3. Why does most of your food taste pale? By the same token, why do most of your non-bottled sodas taste chlorinated?

4. What the sweet Lily-Jane is with all the Cool Whip, and why do you call it “whipped cream”? Do you not know what cream is, or how to whip it?

5. Why can you not make coffees? A cafe mocha is not a hot chocolate. Did you know that if you’re in doubt, you can actually google it? The only place I was served an actual cafe mocha when I ordered one was in a genuine Italian restaurant. I’m sure they’d be willing to teach the rest of you.

6. How does everyone afford to drive late-model cars? Is this to do with the national debt crisis I keep hearing about?

7. Why did all the most hard-working people I met not have American accents?

8. Why can’t you just pay your waitresses and taxi drivers 20% more and add it to our bill automatically? You know that men will always tip attractive waitresses more, right? How is that an equitable wage system?

9. By the same token, why can’t you just show prices with tax included? That way I could know how much things will actually cost, so I can have the money ready when it’s my turn to pay.

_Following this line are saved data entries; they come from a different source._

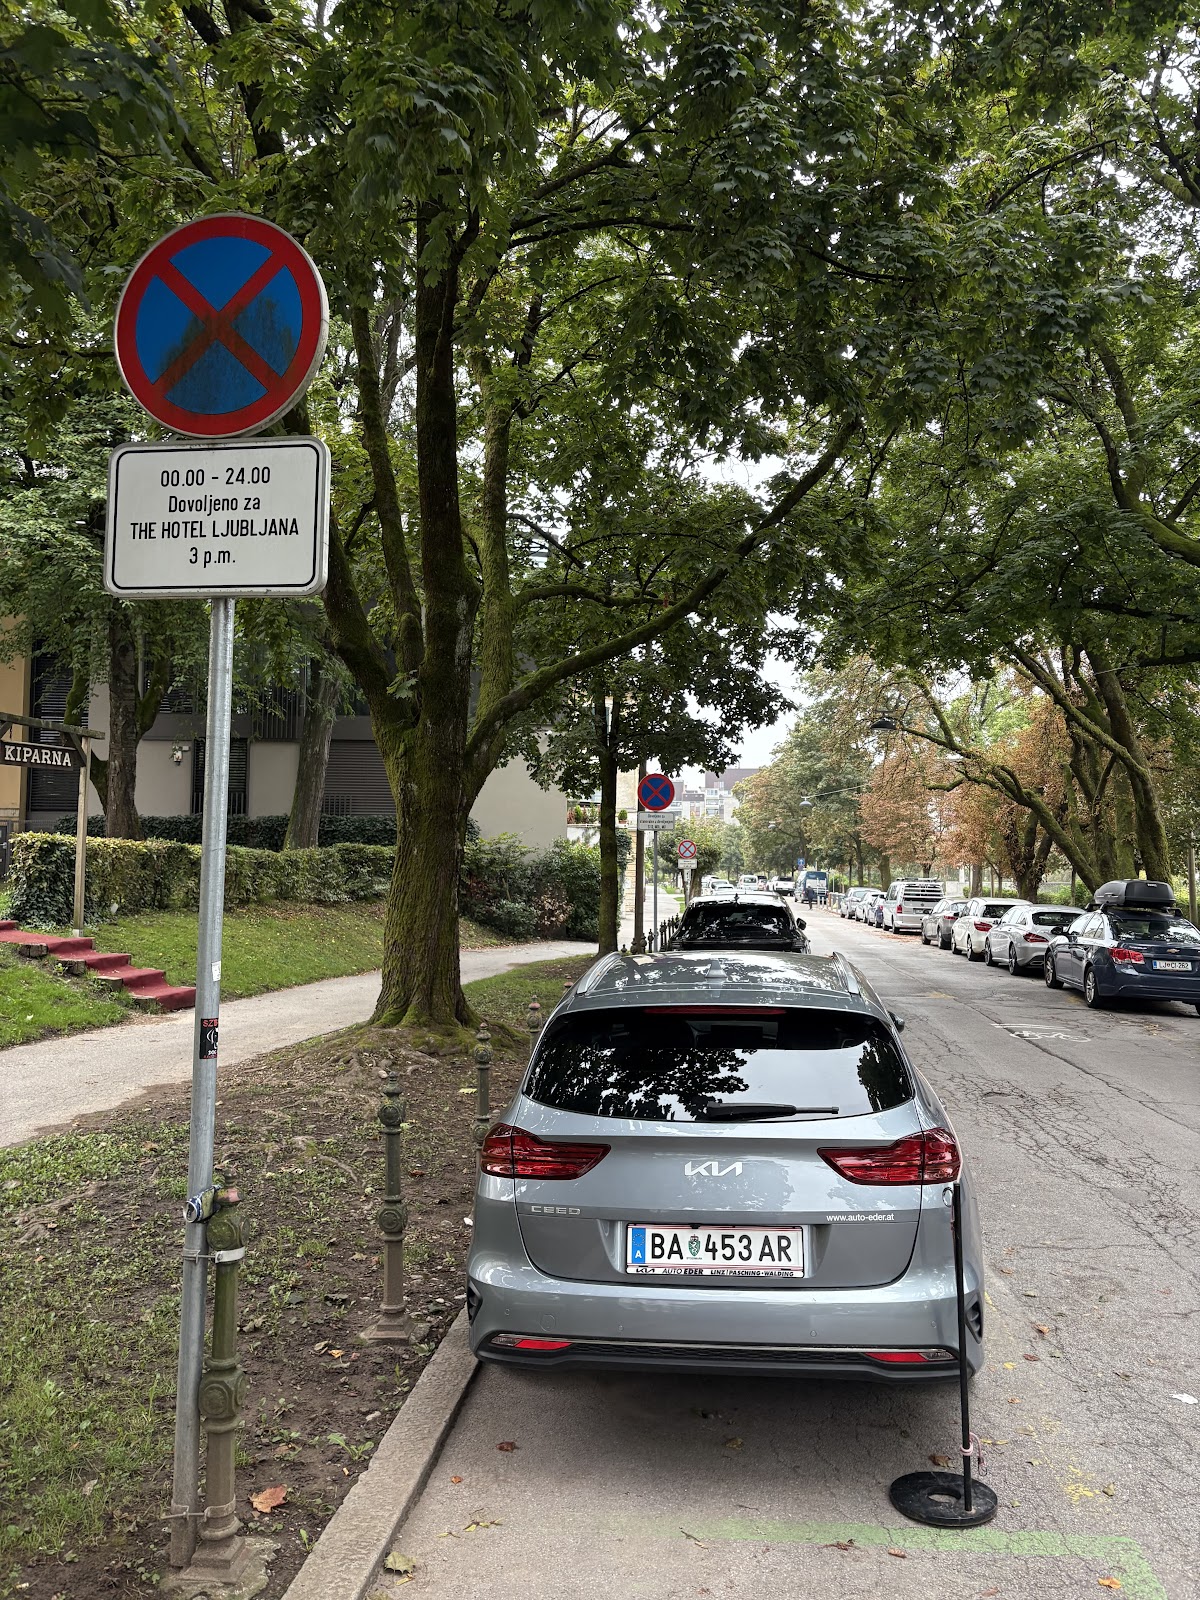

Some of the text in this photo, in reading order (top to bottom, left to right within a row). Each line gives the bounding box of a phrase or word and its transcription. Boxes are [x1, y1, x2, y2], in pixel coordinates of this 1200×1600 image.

[160, 469, 205, 487] 00.00
[225, 466, 271, 485] 24.00
[168, 495, 261, 516] Dovoljeno za
[130, 517, 299, 540] THE HOTEL LJUBLJANA
[189, 547, 236, 568] 3 p.m.
[5, 745, 71, 766] KIPARNA
[684, 1161, 743, 1176] KIA
[531, 1205, 581, 1215] CEED
[826, 1213, 895, 1222] www.auto-eder.at
[634, 1233, 792, 1262] A BA 453 AR

10. Can you teach our drivers about stopping for pedestrians?

11. Can we have your Latino taxi drivers? You can have our Indian ones in exchange. They are mostly only speak in short grunts, but it’s not fair that you hog all the helpful and friendly taxis.

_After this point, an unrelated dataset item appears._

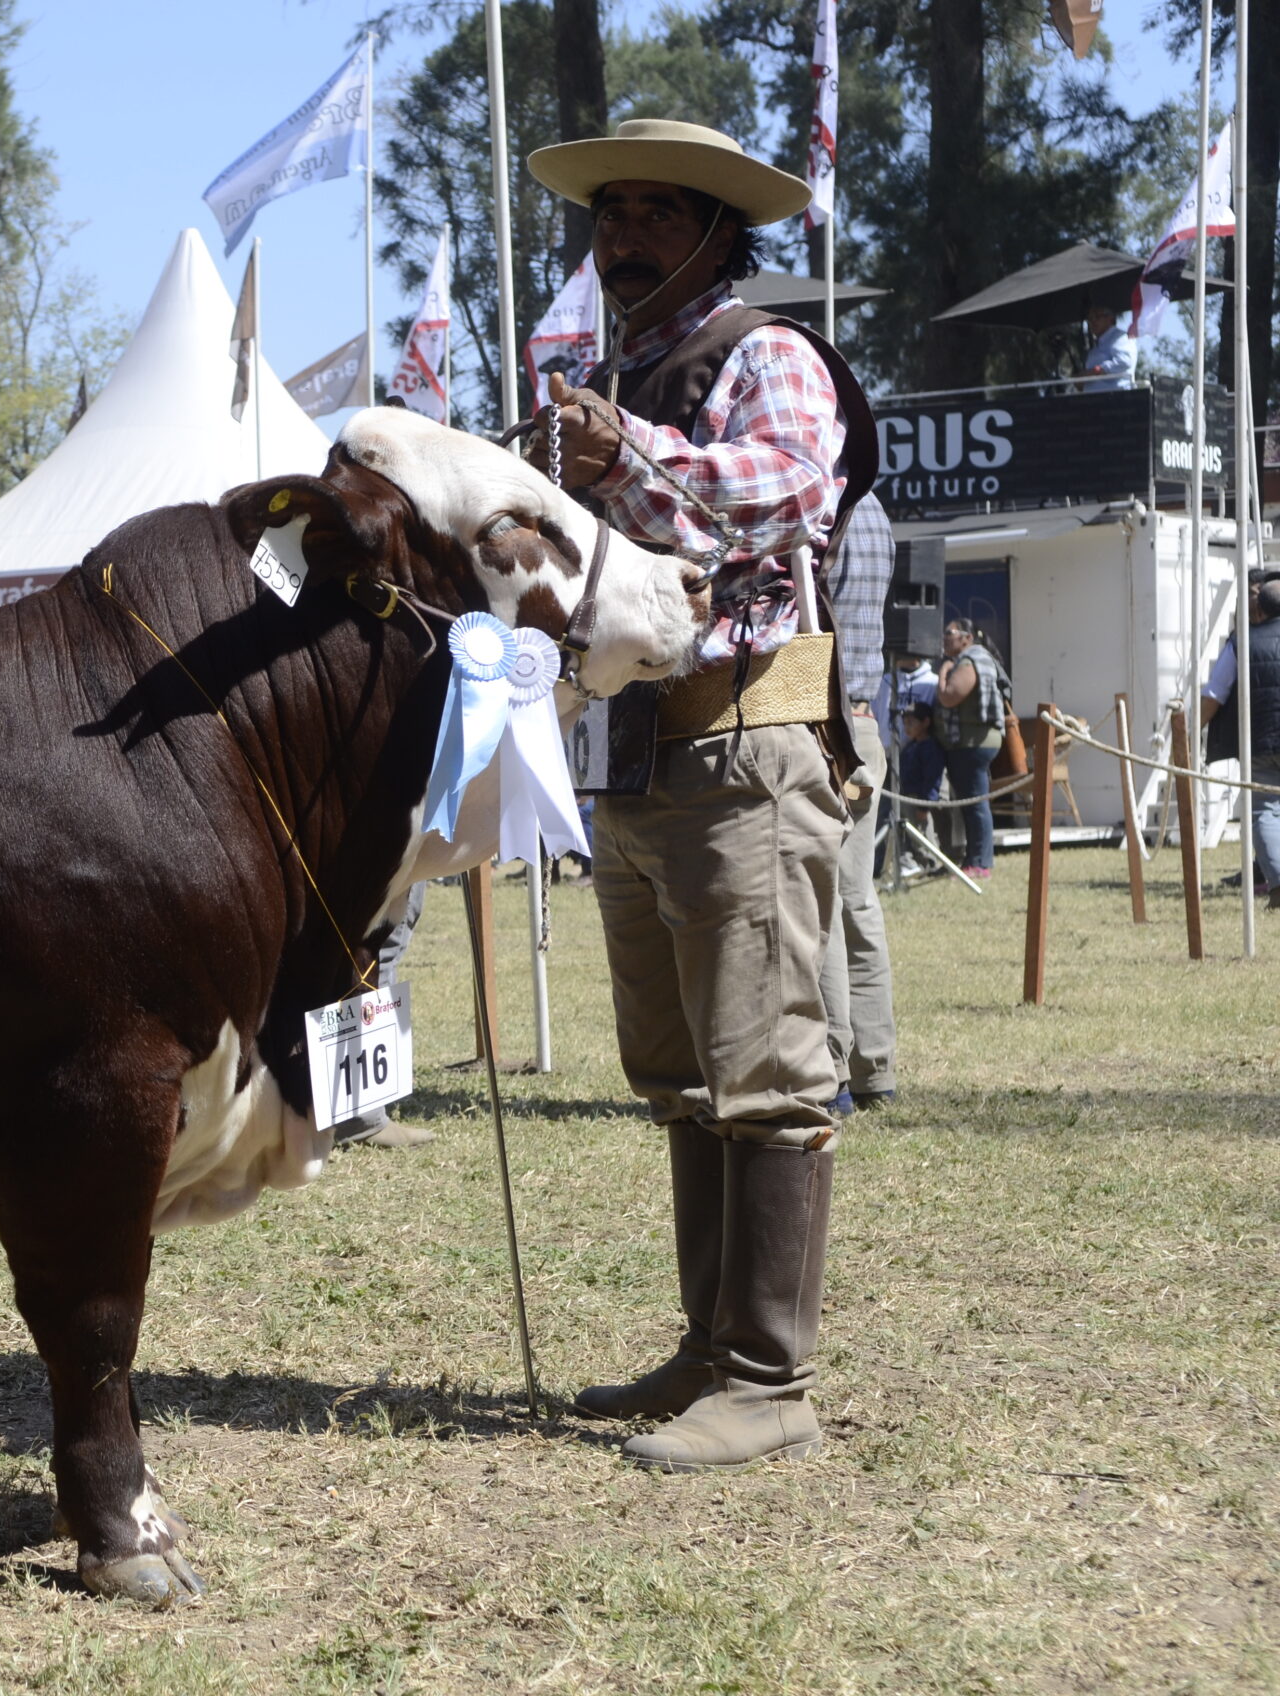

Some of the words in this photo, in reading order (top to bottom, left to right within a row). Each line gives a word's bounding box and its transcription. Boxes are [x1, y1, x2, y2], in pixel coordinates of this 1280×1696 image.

[891, 474, 1000, 500] futuro
[253, 542, 302, 605] 7559
[376, 997, 402, 1014] Braford
[339, 1043, 388, 1096] 116

12. Are red lights really like stop signs, so you can go through them if no one is coming? It makes good sense to me, but I have my doubts.

13. Can you get Chick-fil-A to deliver to New Zealand? We’d also like Häagen-Dasz.

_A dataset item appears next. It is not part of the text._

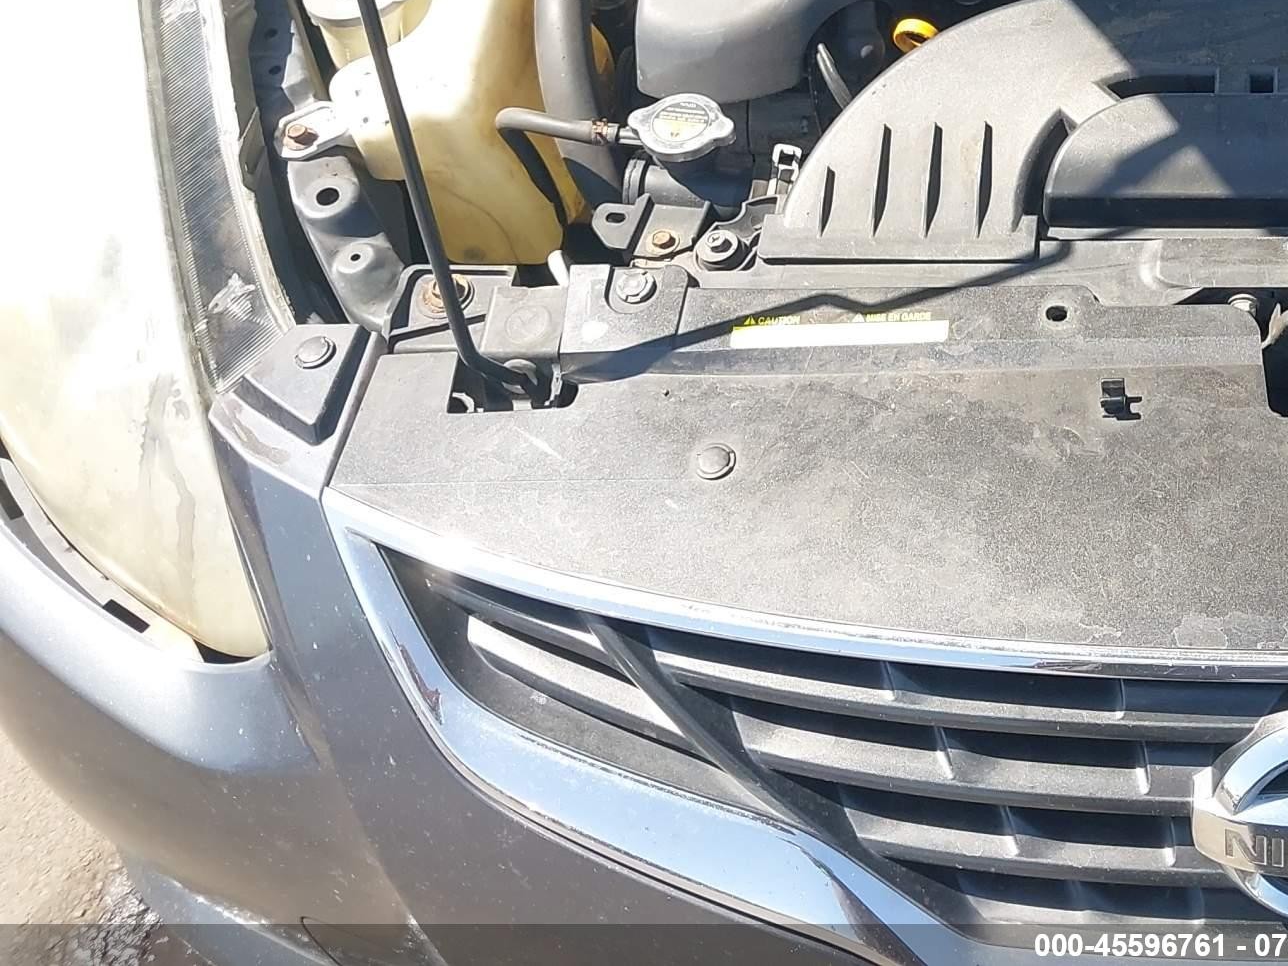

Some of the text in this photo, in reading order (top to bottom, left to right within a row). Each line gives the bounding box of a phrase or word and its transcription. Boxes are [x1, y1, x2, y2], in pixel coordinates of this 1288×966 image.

[757, 315, 801, 326] CAUTION
[865, 311, 932, 323] MISE EN GARDE

14. Why are you still using the Imperial System? It is very silly.

15. Did you know that plastic bank notes can’t be torn or folded? You should look into it.

Update: Steve Hays helpfully explains the answers to some of these questions at Triablogue →


  1. Greg Schnee


  2. Jacek

    Brilliant. I was smiling to the screen when I was reading that :)

  3. BAshwell

    Whereabouts were you? It’s such a vast and different place and it depends where you went.

  4. Dominic Bnonn Tennant

    Los Angeles and San Diego.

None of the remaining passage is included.